Your eyesight is probably the most important of your five
senses.

Eye health goes hand-in-hand with general health, but there are
a few nutrients that are especially important for the eyes.

These nutrients help maintain eye function, protect the eyes
against harmful light and reduce the development of age-related
degenerative diseases.

This article lists the main nutrients that will maximize your
eye health, their dietary sources and potential benefits.

Brunette With Glasses Having Difficulty Reading Her Cell Phone

Overview of Common Eye Diseases

Your risk of developing an eye disease increases as you get
older. The most common eye diseases include:

  • Cataracts: A condition in which the eye
    becomes clouded. Age-related cataracts are a leading cause of
    vision impairment and blindness around the world.
  • Diabetic retinopathy: Associated with
    diabetes and a major cause of visual impairment and
    blindness, this condition develops when high blood sugar
    levels damage the blood vessels in the retina.
  • Dry eye disease: A condition marked by
    insufficient tear fluid, which causes the eyes to dry up and
    leads to discomfort and potential visual problems.
  • Glaucoma: A group of diseases characterized
    by progressive degeneration of the optic nerve, which
    transfers visual information from the eyes to the brain.

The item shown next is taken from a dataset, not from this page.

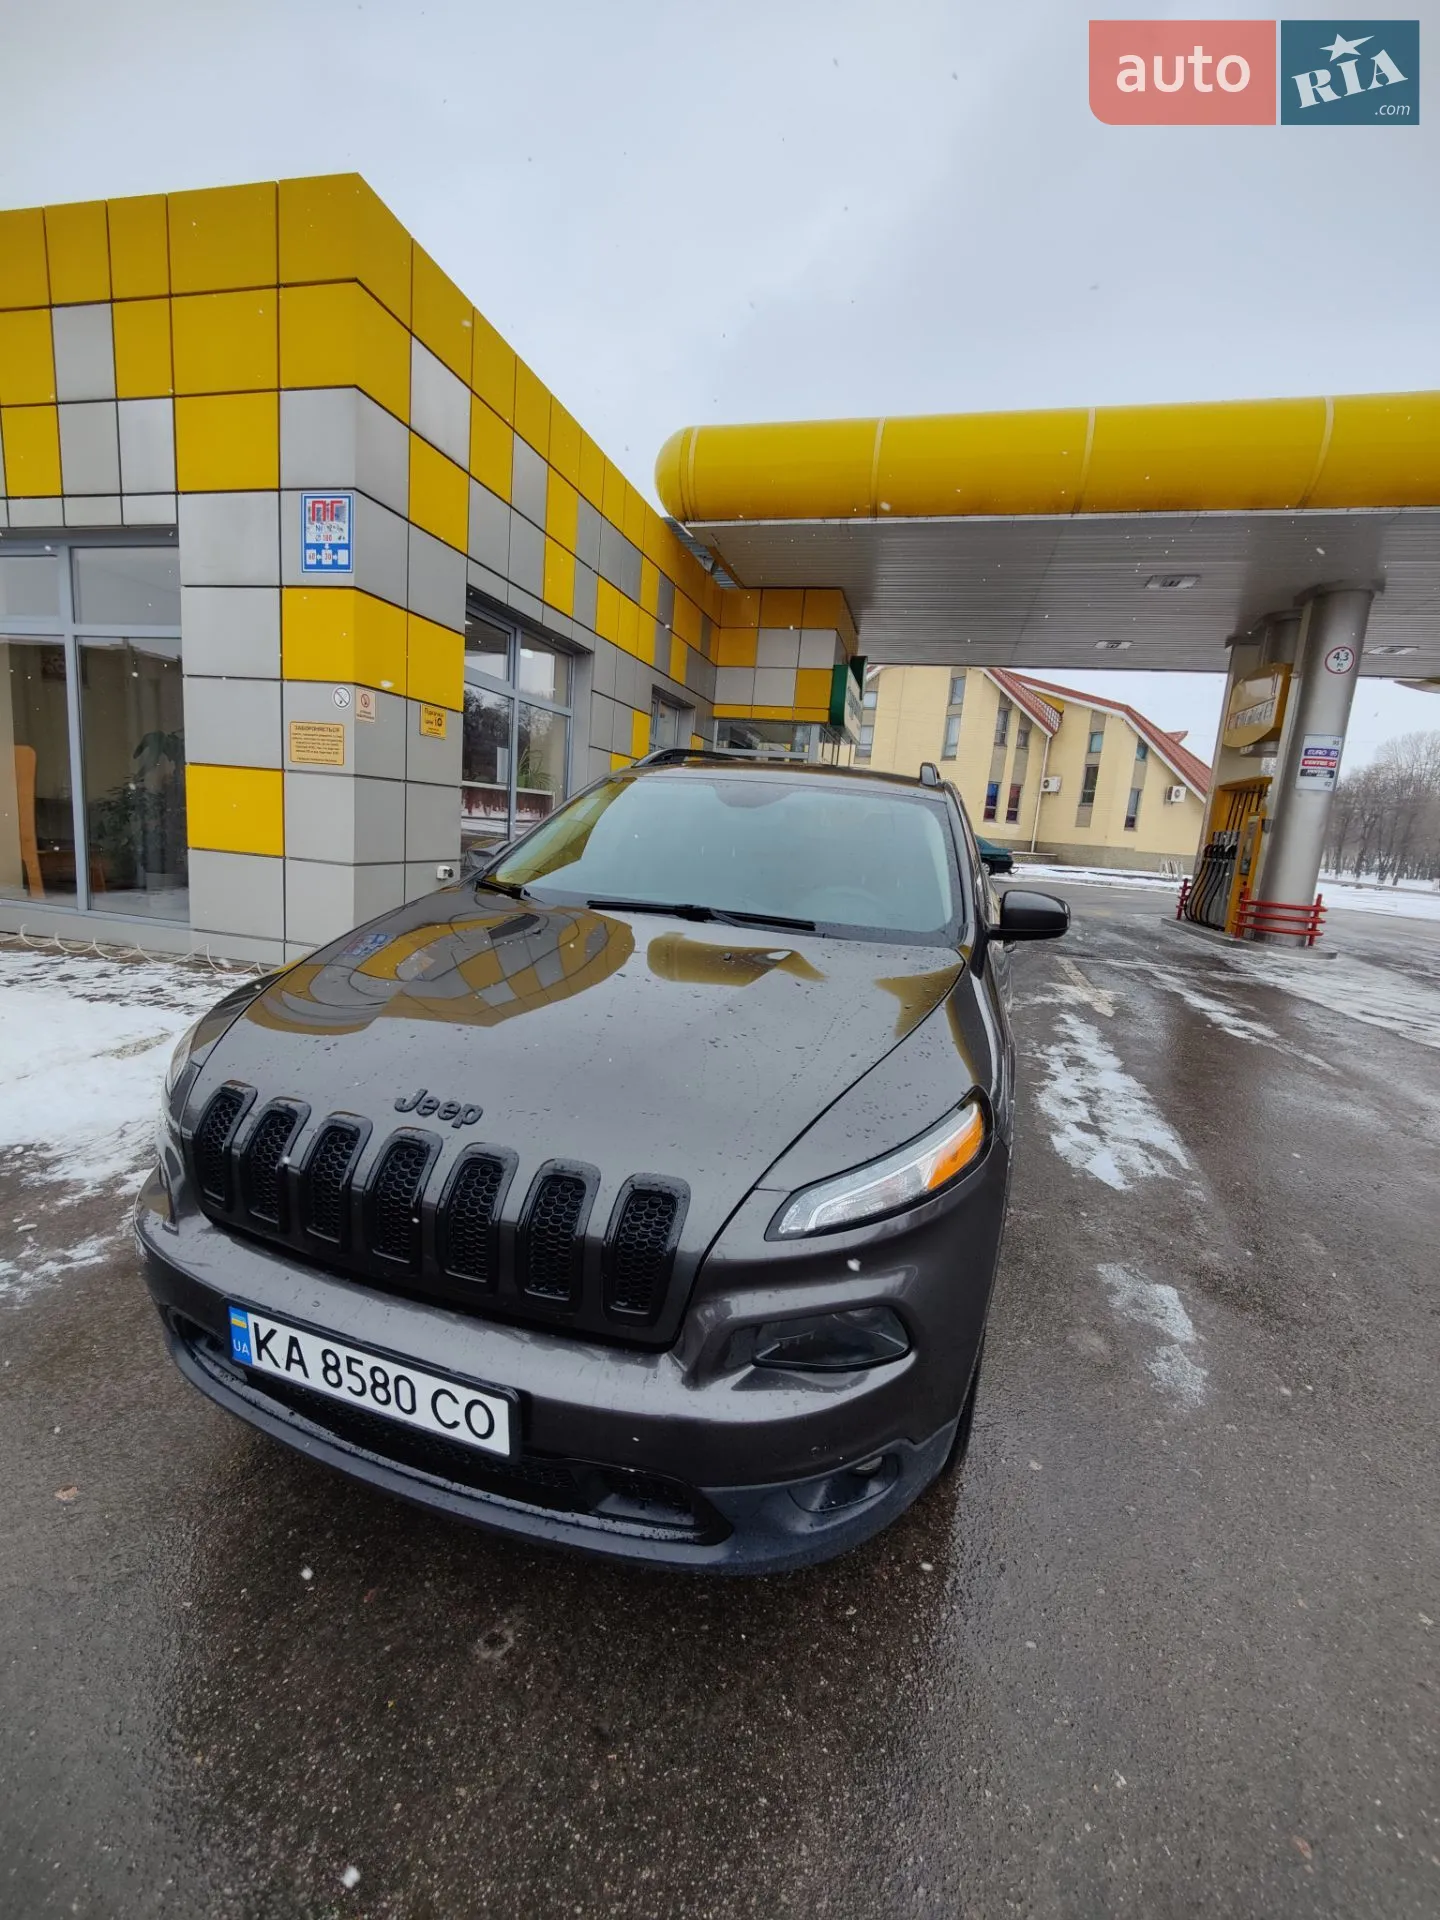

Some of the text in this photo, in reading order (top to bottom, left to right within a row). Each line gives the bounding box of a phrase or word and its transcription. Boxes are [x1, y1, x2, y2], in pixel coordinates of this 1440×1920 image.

It
    leads to poor eyesight or blindness.
  • Macular degeneration: The macula is the
    central part of the retina. Age-related macular degeneration
    is one of the main causes of blindness in developed
    countries.

Although your risk of getting these conditions depends to some
extent on your genes, your diet may also play a major role.

Bottom Line: The most common eye diseases
include cataracts, macular degeneration, glaucoma and
diabetic retinopathy. Your risk of developing these diseases
depends on your age, genetics, chronic diseases and
lifestyle.

1. Vitamin A

Jug and Glass With Milk

Vitamin A deficiency is one of the most common causes of
blindness in the world (1).

This vitamin is essential for maintaining the eyes’
light-sensing cells, also known as photoreceptors.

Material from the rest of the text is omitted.